If you think flexibility and patience are important in yoga class, perhaps the staff of the new Smithsonian exhibit, “Yoga: The Art of Transformation,” could tell you how important it was to them as they worked diligently to complete the final touches for the exhibit opens Saturday, October 19, at the Arthur M. Sackler Gallery in Washington, DC.
“Yoga: The Art of Transformation” is the first exhibit about the visual history of yoga explores the diverse transformations of yoga during the past 2,000 years – from sculptures of Hindu goddesses to 20th century posters depicting a yogi with special powers. It’s a celebration of the mysterious, the sacred, and even the weird.
Just 24-hours prior to opening, on-site workers were still installing last-minute lighting, and attending to small details that exhibit Curator Debra Diamond said would have been completed had the shutdown not occurred.
“This is almost a very authentic Indian experience. A little chaotic,” said Diamond pointing to a few exhibit signs still hung by tape, and a few exposed metal holders beneath some of the frames. “It took a lot of flexibility and patience from the staff to open this exhibit on time.”
Leave it to an exhibit on the history of yoga, however, to have good enough karma to open on schedule, despite the recent 16-day government shutdown that ended just three days prior to the grand opening.
Yoga practice and traditions at the exhibit.
In addition to the flurry of final touches the day before the opening, the exhibit area was abuzz with not only staff and reporters, but an actual yoga class lead by teacher, Hilaria Baldwin (wife of actor Alec Baldwin) for over 20 students from the local Duke Ellington School of the Arts in Washington, DC.
Additional free yoga classes around the “Yoga: The Art of Transformation” will be held throughout the exhibition at the Smithsonian in tandem with special workshops on Wednesdays and weekends for students interested in learning about both the imagery and yoga. Classes will combine a docent and a yoga teacher who will work together to focus on certain artworks and develop thematic classes around the pieces for students to experience through yoga.
Yoga enthusiasts and the curious are also invited to a free public festival, “Diwali and the Art of Yoga,” on Saturday, October 26, at the Smithsonian, which will mark both the opening of the exhibition which coincides with Diwali, the Indian festival of lights. Games, workshops, Indian tradition story tellers, and yoga classes will continue throughout the day. The evening will conclude with a traditional lamp-lighting ceremony with the Indian ambassador and a classical Indian music concert.
Centuries of a visual history of yoga.
The exhibit includes more than 130 works dating from the second to the early 20th century. Ancient masterpieces of sculpture and painting are featured in the exhibit, as well as modern photographs, films, and books on yoga as medicine, reveal how yoga has been growing over the centuries, despite their previous reputations as spies and warriors.

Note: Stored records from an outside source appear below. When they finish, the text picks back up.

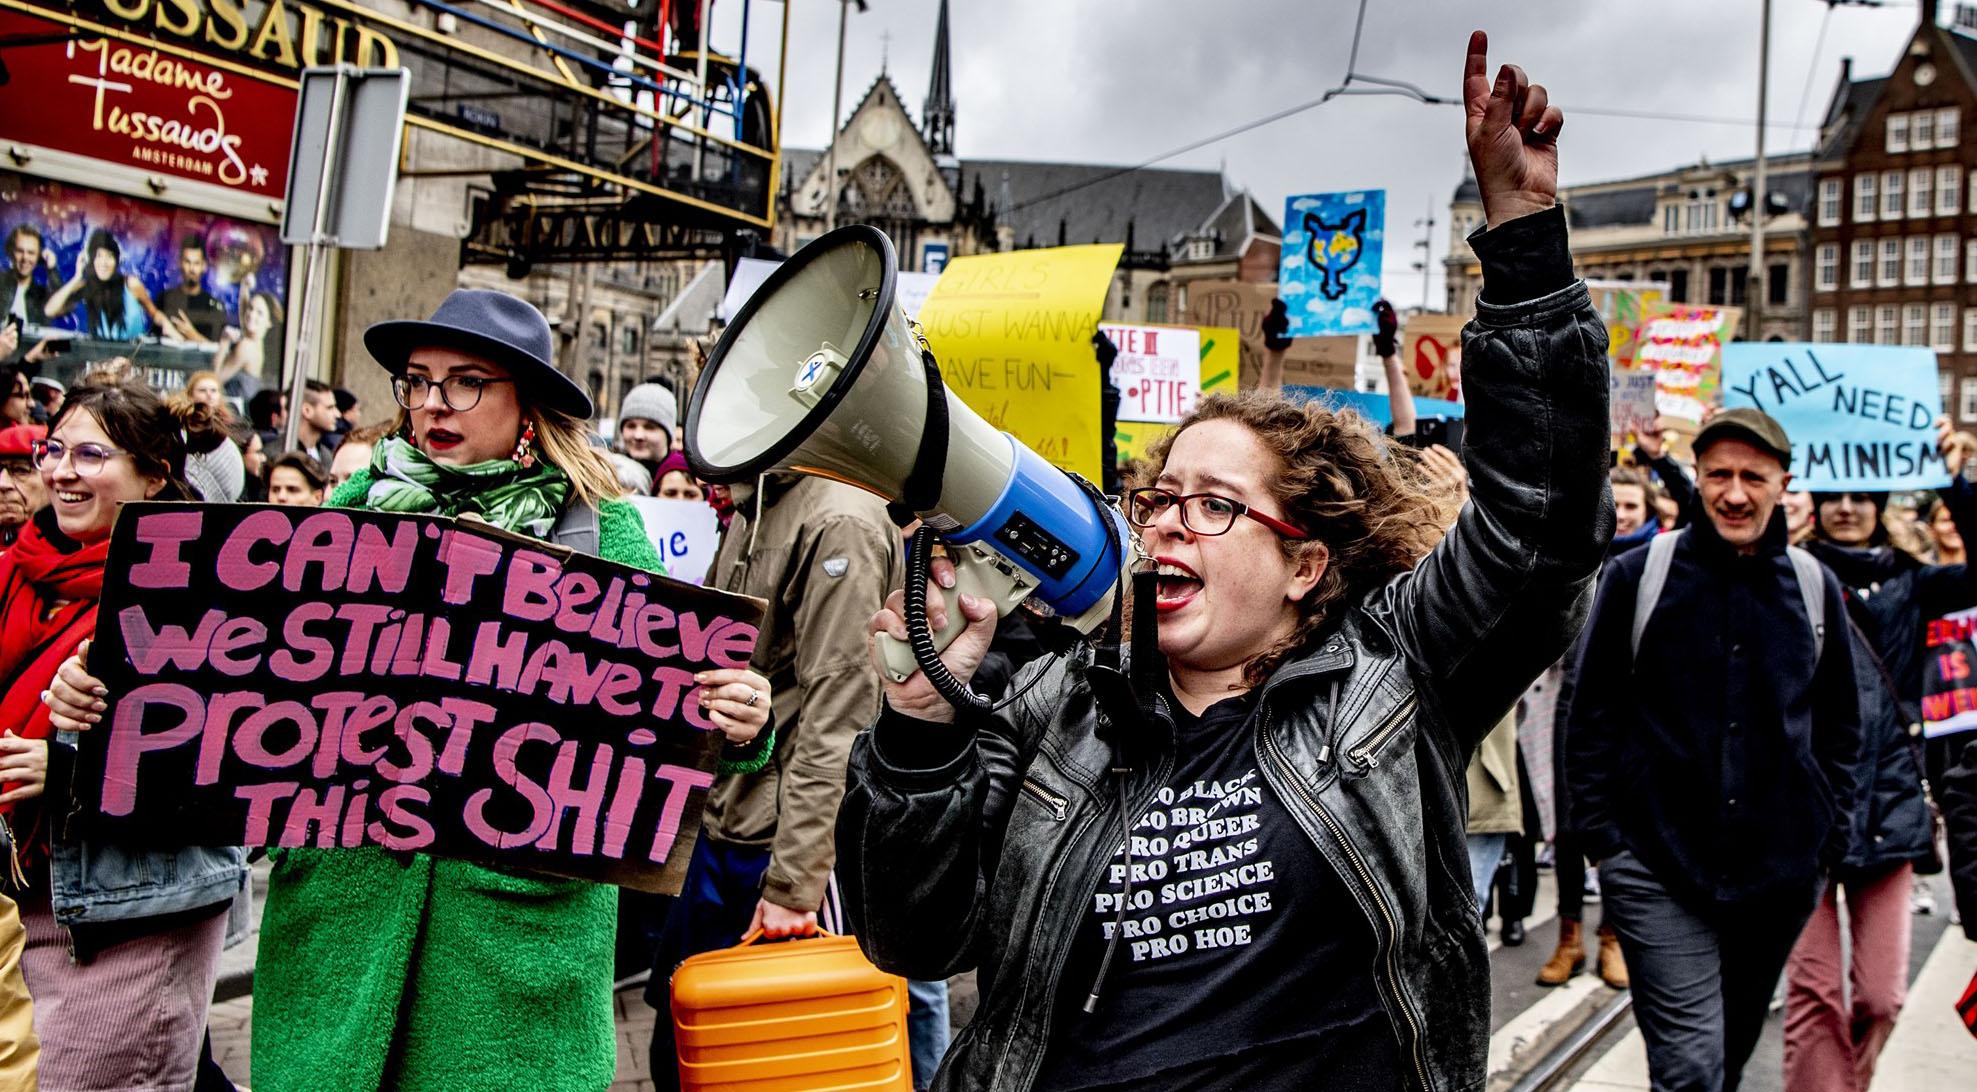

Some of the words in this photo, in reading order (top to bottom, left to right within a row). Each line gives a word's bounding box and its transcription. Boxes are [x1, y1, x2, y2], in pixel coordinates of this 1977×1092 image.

[67, 30, 233, 99] Madame
[68, 74, 248, 185] Tussauds
[132, 146, 213, 175] AMSTERDAM
[938, 262, 1050, 295] GIRLS
[927, 309, 993, 339] JUST
[1004, 310, 1096, 342] WANNA
[941, 357, 997, 391] AVE
[1731, 349, 1844, 413] Y'ALL
[1833, 384, 1932, 430] NEED
[129, 512, 203, 588] I
[216, 511, 502, 604] CAN'T
[1940, 651, 1970, 681] IS
[1171, 787, 1262, 827] BROWN
[1173, 814, 1260, 849] QUEER
[1109, 860, 1168, 884] PRO
[1174, 838, 1259, 873] TRANS
[1095, 889, 1154, 913] PRO
[1161, 861, 1274, 904] SCIENCE
[1102, 916, 1162, 940] PRO
[1168, 892, 1272, 928] CHOICE
[1131, 934, 1188, 962] PRO
[1194, 924, 1252, 949] HOE
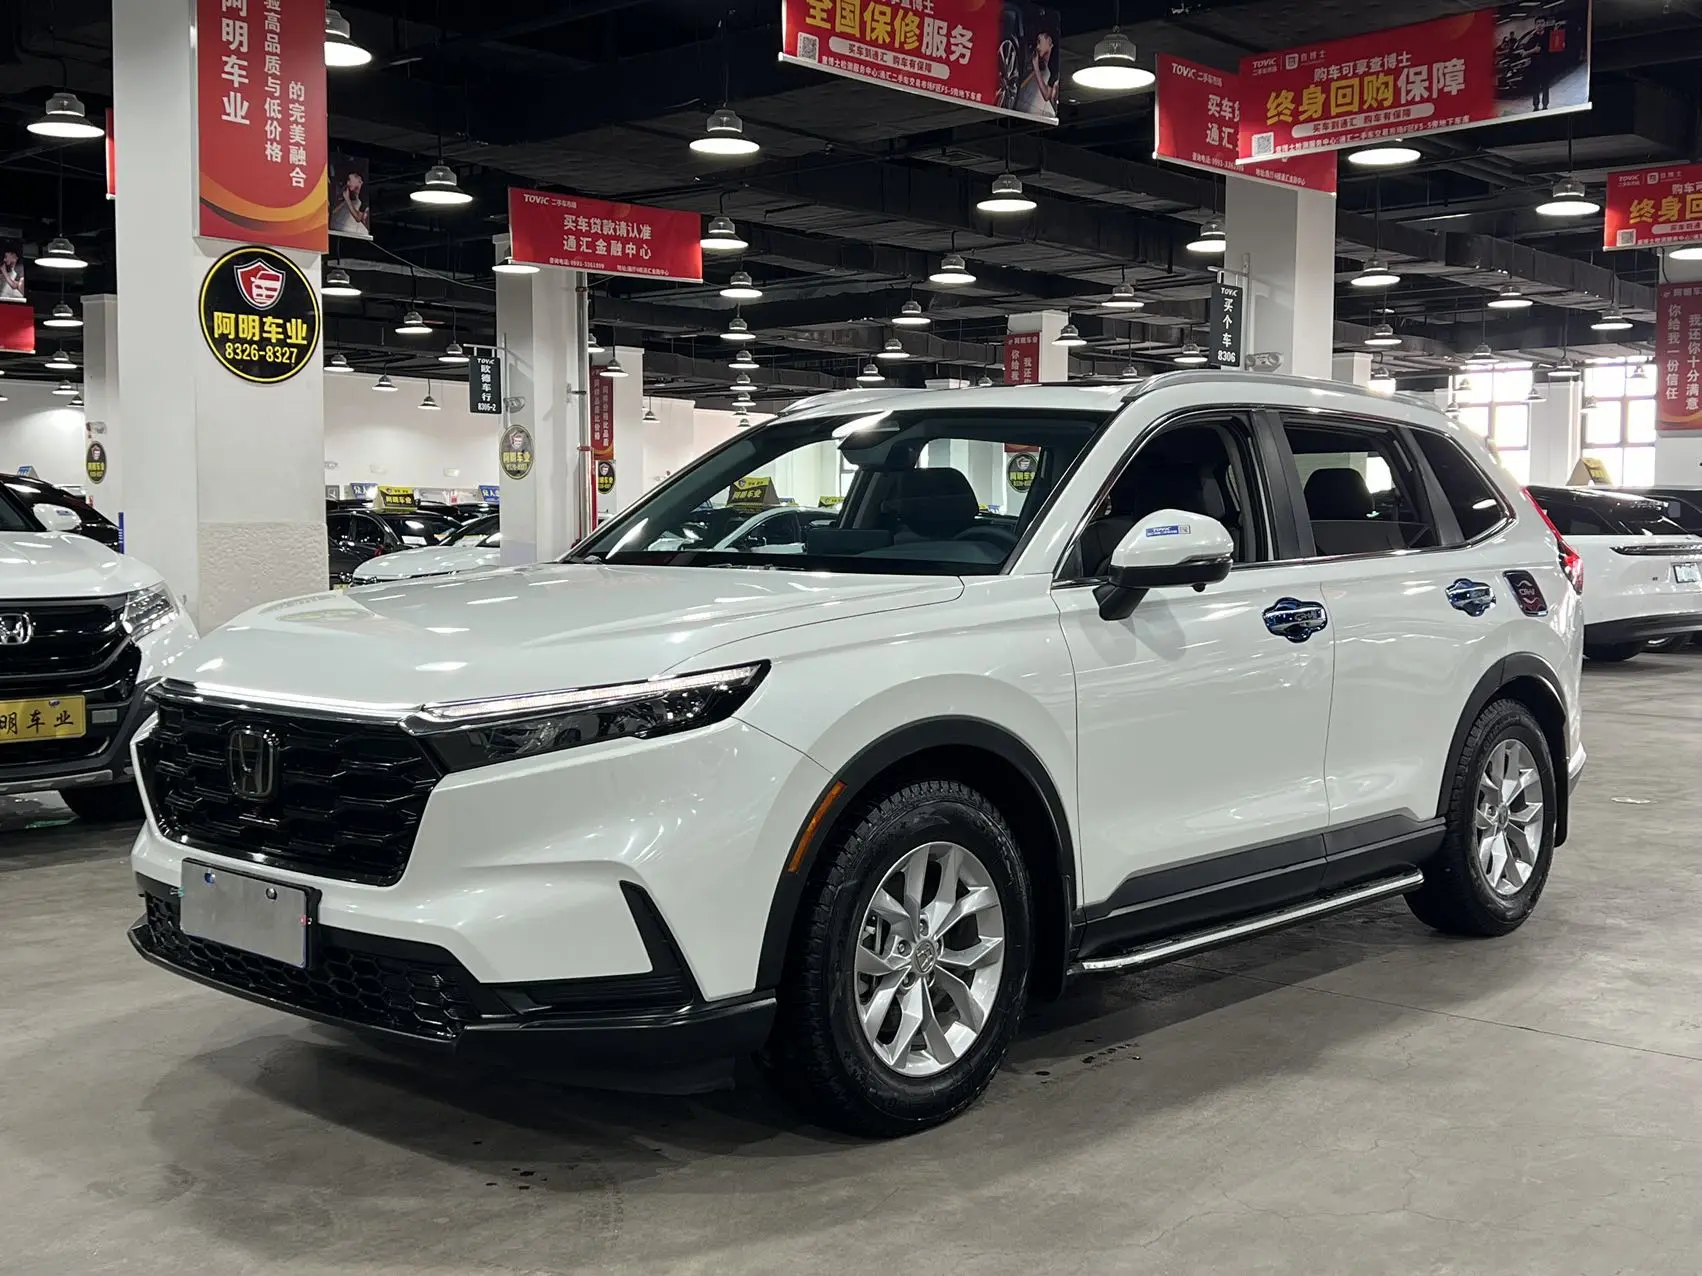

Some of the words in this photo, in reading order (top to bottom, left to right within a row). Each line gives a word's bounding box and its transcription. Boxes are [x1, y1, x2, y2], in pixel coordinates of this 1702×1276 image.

According to Diamond, “Yoga: The Art of Transformation” brings together amazing works created over two thousand years. Yoga is a household word the world over, but scholars have not holistically explored its visual culture which provides new insights to broad audiences.”
Why is this exhibit relevant now?
Diamond stated, “Yoga has gained widespread recognition and unprecedented popularity around the world as a regimen for health, spirituality and exercise. Many are aware of its origins in India, but the profound aspirations that compelled countless individuals to pursue yogic paths are little known outside of scholar and advanced practitioner circles.”
One bifolio on display at the exhibit was described by Sanskrit scholar, Sir James Mallinson, PhD, as depicting “gangs of yogi warriors” gathering during auspicious days at sacred sites around India for bathing and ensuring power and protection for their territories. A gathering now known as the Kumbh Mela and now considered to be the largest peaceful gathering in the world – rather than a gathering of warriors. Mallinson is also featured in a new film “Mystic Journey: Kumbh Mela” which documents the Hindu pilgrimage.
The Yogini of yesterday.
One featured sculpture titled, “Yogini," created between the seventh and twelfth centuries, depicts a voluptuous, four-armed goddess who sits on an owl and brandishing a sword, and is depicted opening her mouth to emit a piercing whistle.
Centuries ago, the term “yogini” referred to both fierce flying goddesses and the mortal women who ritually became those deities.
Not at all like the 21st century athletic, Lululemon-clad yoginis.
A full range of public programs, concerts and family activities, including a November symposium, will accompany the exhibition at the Smithsonian Sackler Gallery, which runs through January 26, 2014. Information is available on the official exhibit web site.
The exhibition has also published a catalog (which is more like a beautiful coffee table book) about Yoga: The Art of Transformation” which is the first publication on the visual history of yoga.
Following its Washington, D.C., debut, “Yoga: The Art of Transformation” will travel to the San Francisco Asian Art Museum (February 21 – May 25, 2014) and the Cleveland Museum of Art (June 22 – September 7, 2014).